Celui-ci est très beau, dense comme le feuillage des arbres que tu évoques...
Zoridae : je suis très flattée d'être lue par mon inspiratrice :) car oui, c'est ton blog qui m'a donné envie d'en créer un.
Cé : d'après ton mail je pense que tu as compris pourquoi je supprime ton commentaire, que j'ai apprécié par ailleurs ;) Bisous.

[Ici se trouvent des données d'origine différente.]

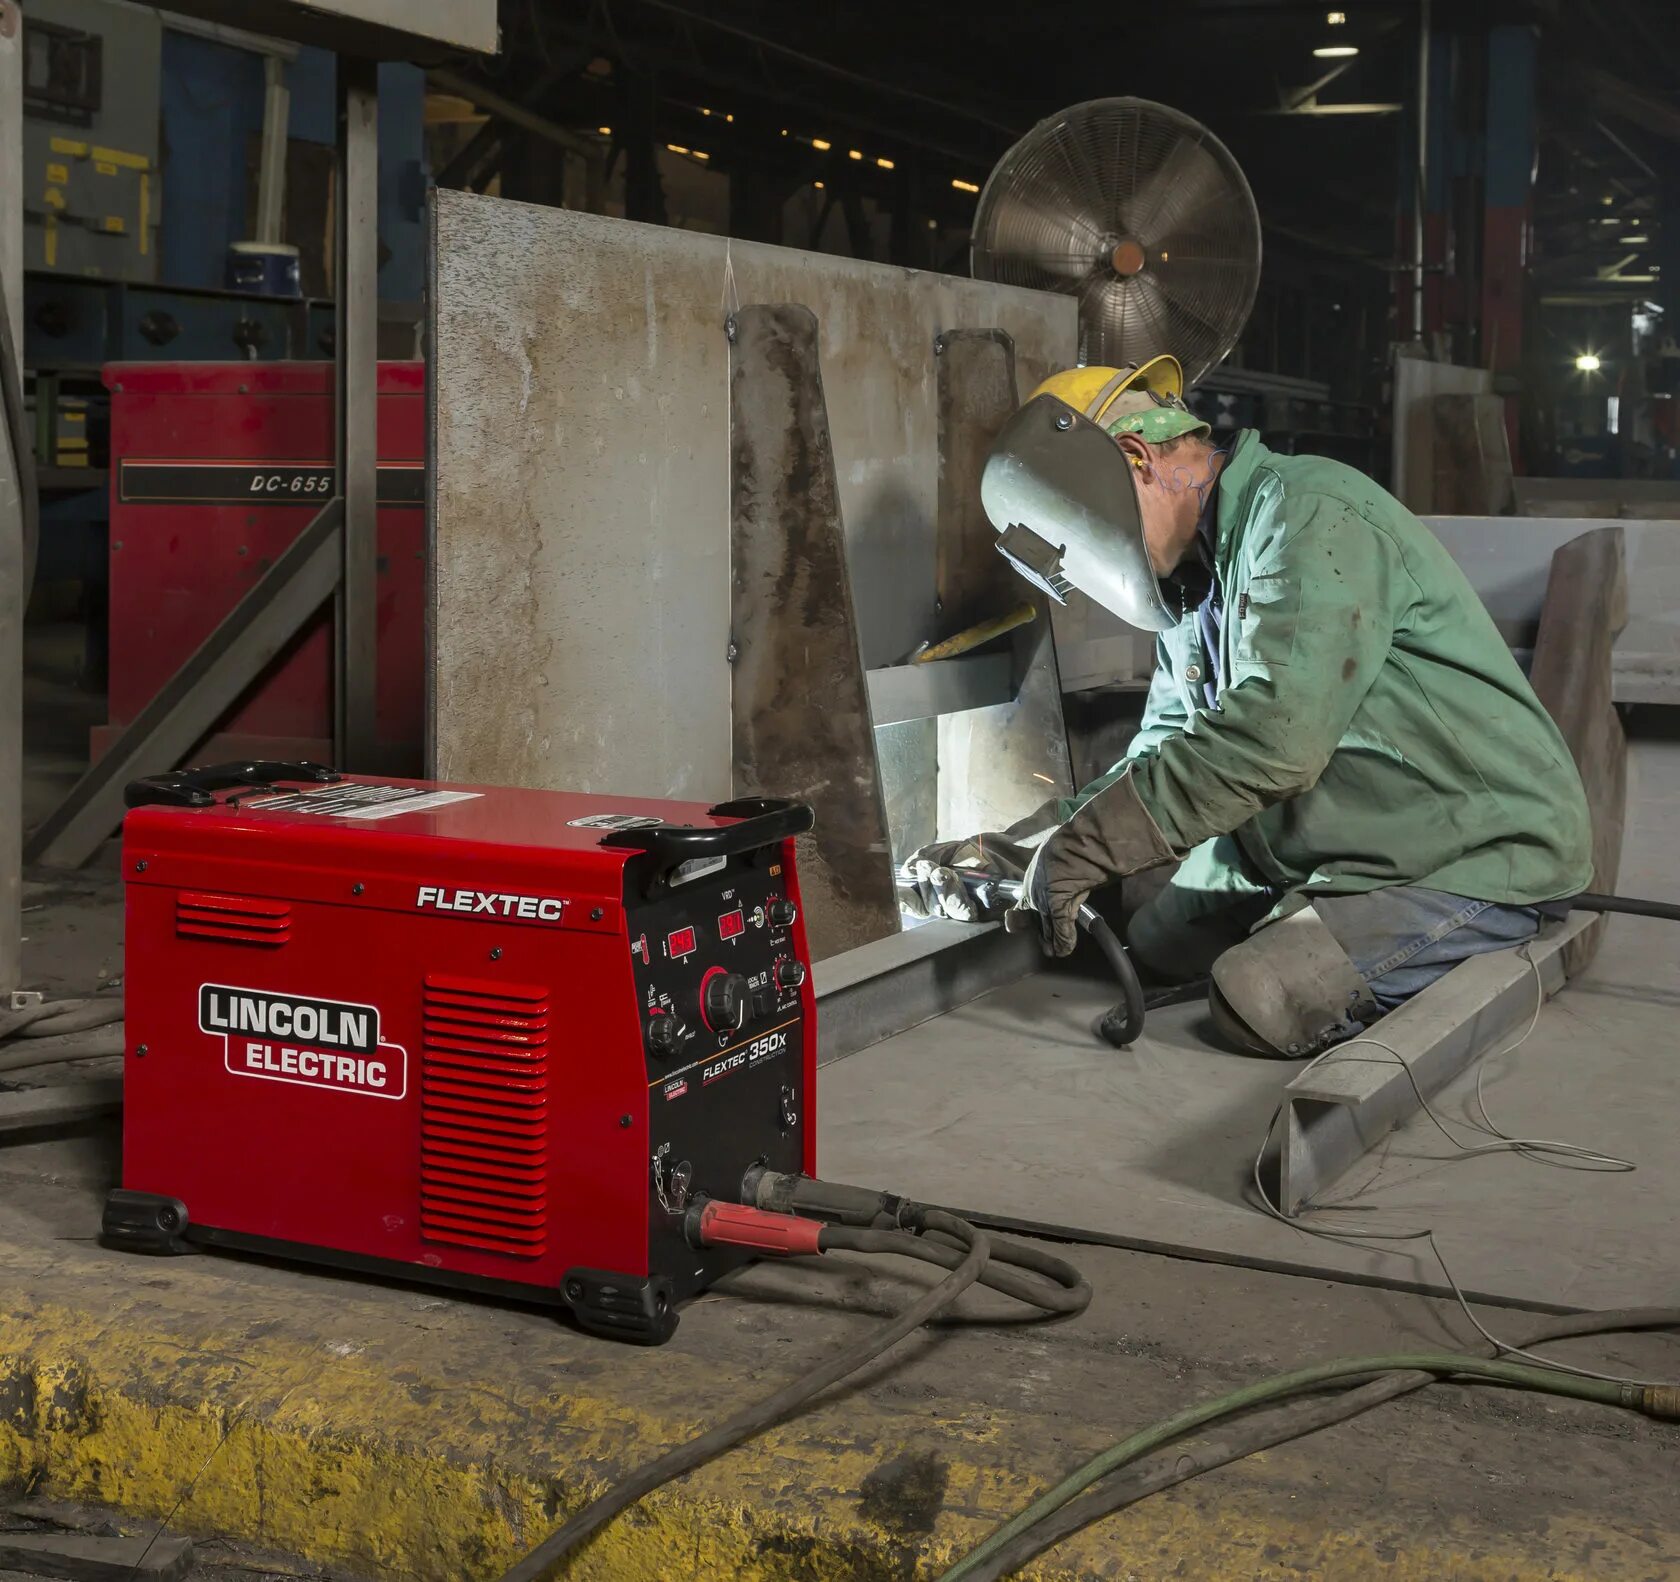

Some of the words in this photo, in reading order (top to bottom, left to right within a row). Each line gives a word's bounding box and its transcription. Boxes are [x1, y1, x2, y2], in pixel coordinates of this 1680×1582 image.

C'est Zoridae (ci-dessus) qui me parachute ici. C'est idiot ce que je vais dire, mais j'apprécie beaucoup ton billet. "Un seul hêtre vous manque et tout est peuplier" : vive les arbres ! :D
Bonjour et bienvenue Balmeyer. C'est rigolo, je parlais d'un de tes textes ce matin sur un autre blog... Un honneur pour moi que ce texte soit apprécié par des écrivains de la cour des grands, comme tu sais peut-être (cf. mon commentaire chez Zoridae !), alors un grand merci à toi d'avoir fait crisser ta plume ici.

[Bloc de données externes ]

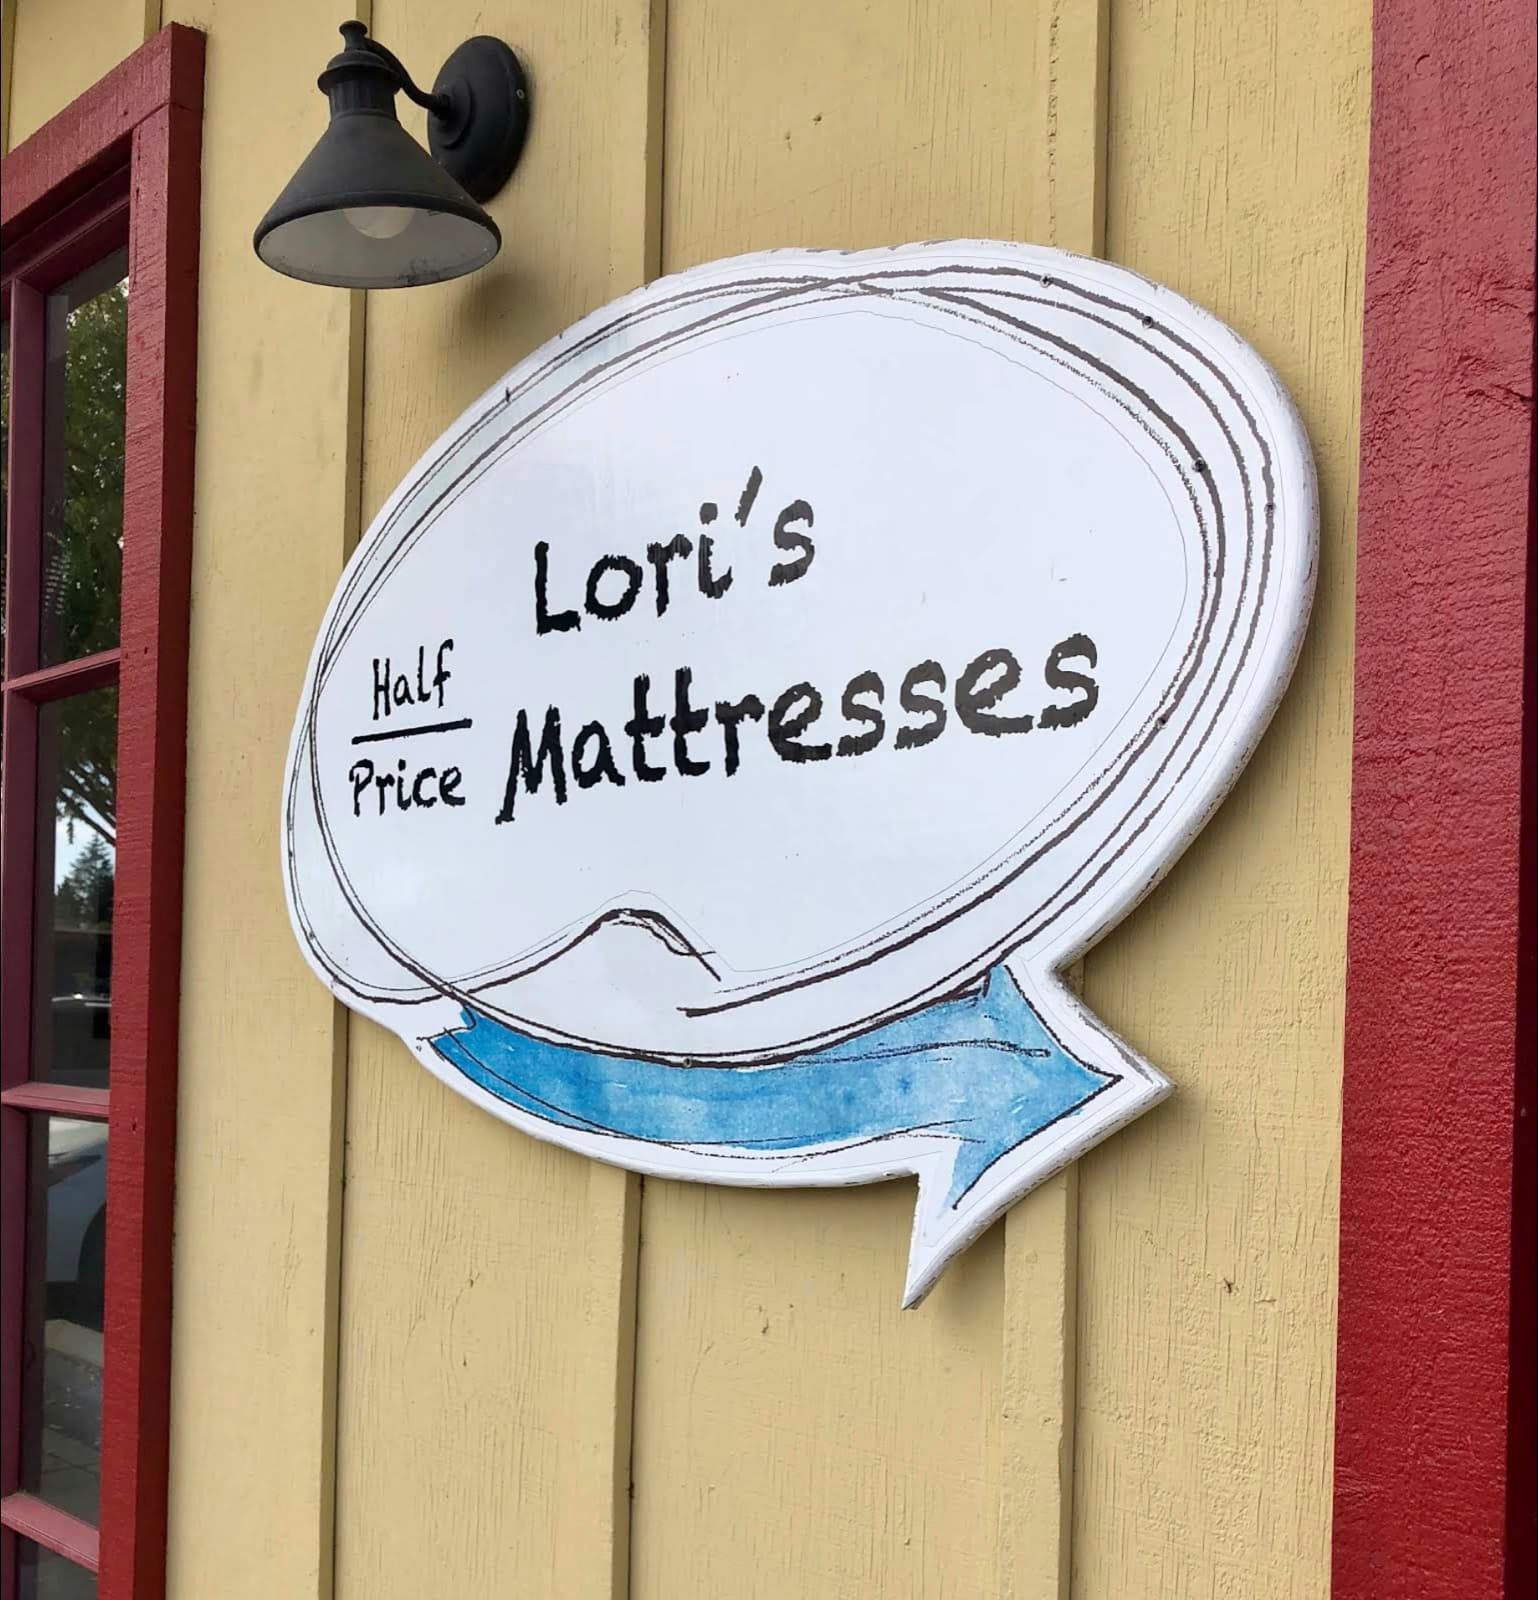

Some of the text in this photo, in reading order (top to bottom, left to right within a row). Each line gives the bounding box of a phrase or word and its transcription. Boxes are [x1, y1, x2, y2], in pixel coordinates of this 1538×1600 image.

[534, 466, 815, 637] Lori's
[372, 638, 454, 721] Half
[494, 632, 1100, 826] Mattresses
[348, 758, 466, 818] Price

Et un être un peu plié, c'est dommage...
Marie-Georges,
Tss tss nous ne sommes pas des écrivains, mais des auteurs de blog. Rien de plus !
Alors tu me le prêtes ton ballon et on joue ensemble ?
(les joues cramoisies) Ahem, bon d'accord :p
Sublimes jeux de mots, sujet touchant... C'est très beau... J'm'en va faire lire tout ça à mes parents!